Referring expression grounding data
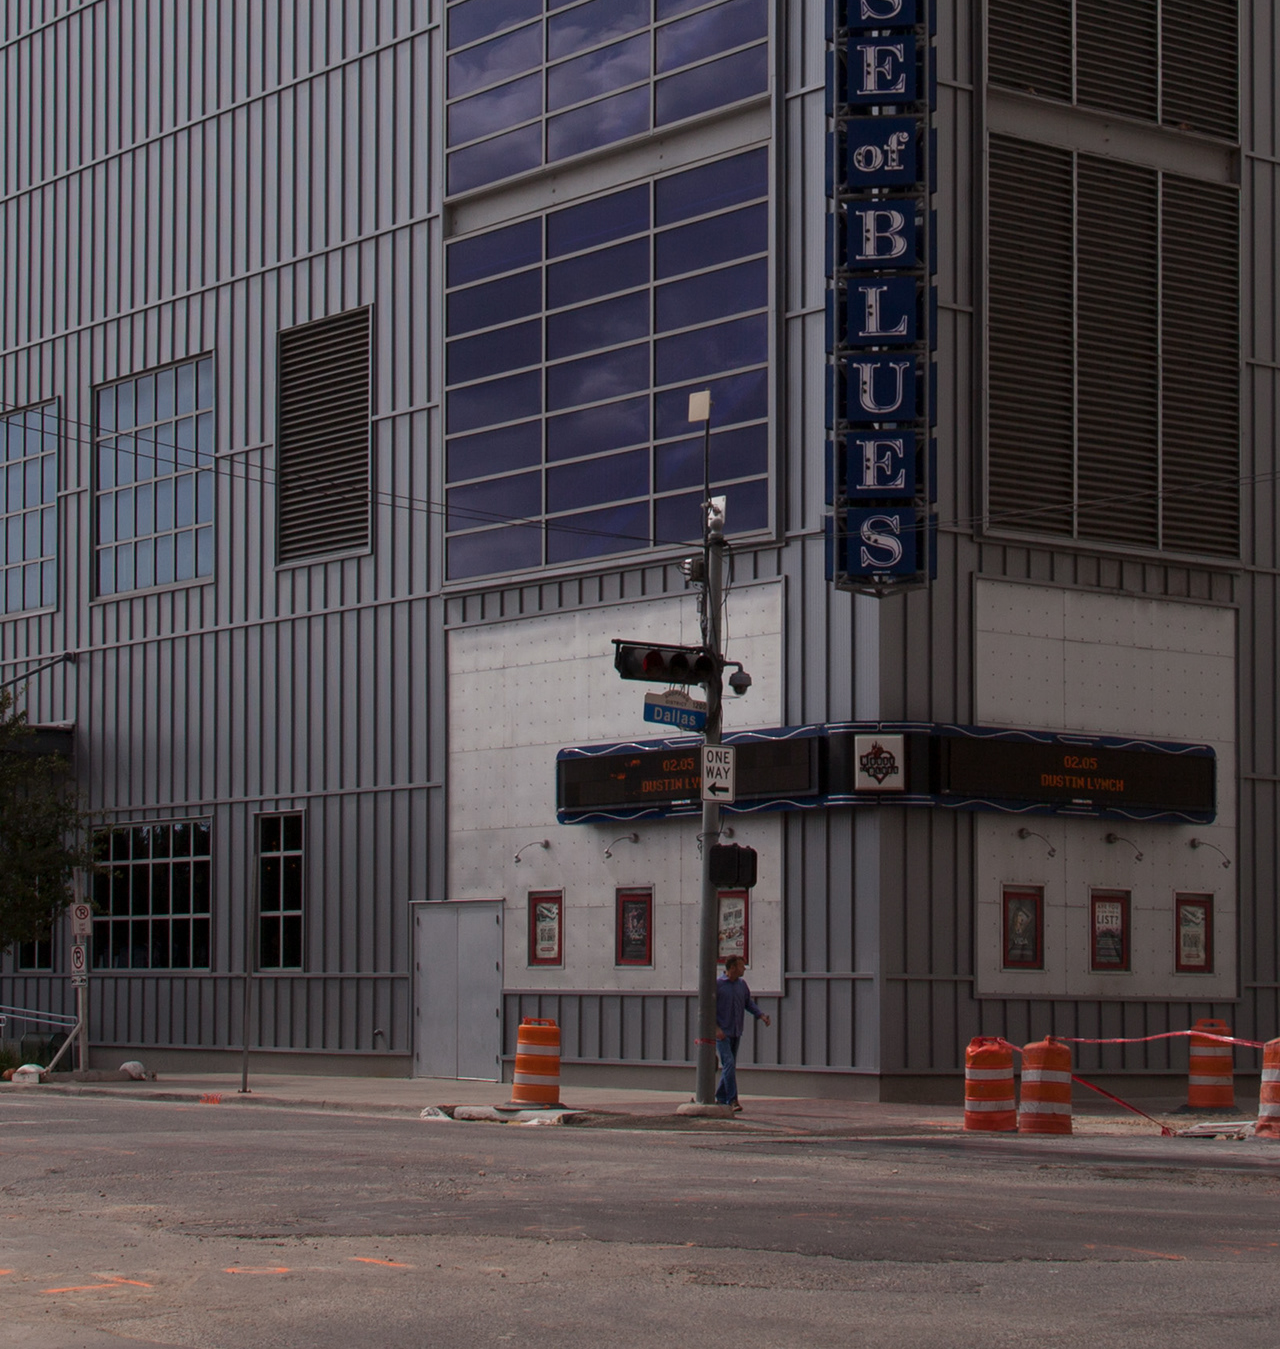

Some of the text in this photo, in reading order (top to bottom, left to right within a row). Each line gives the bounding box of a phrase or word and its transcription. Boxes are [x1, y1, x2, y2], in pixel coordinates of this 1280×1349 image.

[852, 131, 910, 171] of
[853, 209, 910, 568] BLUES
[654, 706, 696, 726] Dallas
[662, 758, 695, 772] 02.05
[706, 750, 730, 765] ONE
[1063, 755, 1098, 770] 02.05
[705, 765, 731, 780] WAY
[642, 777, 682, 793] DUSTIN
[1040, 773, 1124, 792] DUSTIN LYNCH
[1096, 914, 1119, 925] LIST?

◆ **THE PROBLEM**
Every line of the records above should be reproduced exactly, with no pictures included.

◆ **RESULT FOR THIS EXERCISE**
Some of the text in this photo, in reading order (top to bottom, left to right within a row). Each line gives the bounding box of a phrase or word and its transcription. Boxes are [x1, y1, x2, y2], in pixel coordinates of this 1280×1349 image.

[852, 131, 910, 171] of
[853, 209, 910, 568] BLUES
[654, 706, 696, 726] Dallas
[662, 758, 695, 772] 02.05
[706, 750, 730, 765] ONE
[1063, 755, 1098, 770] 02.05
[705, 765, 731, 780] WAY
[642, 777, 682, 793] DUSTIN
[1040, 773, 1124, 792] DUSTIN LYNCH
[1096, 914, 1119, 925] LIST?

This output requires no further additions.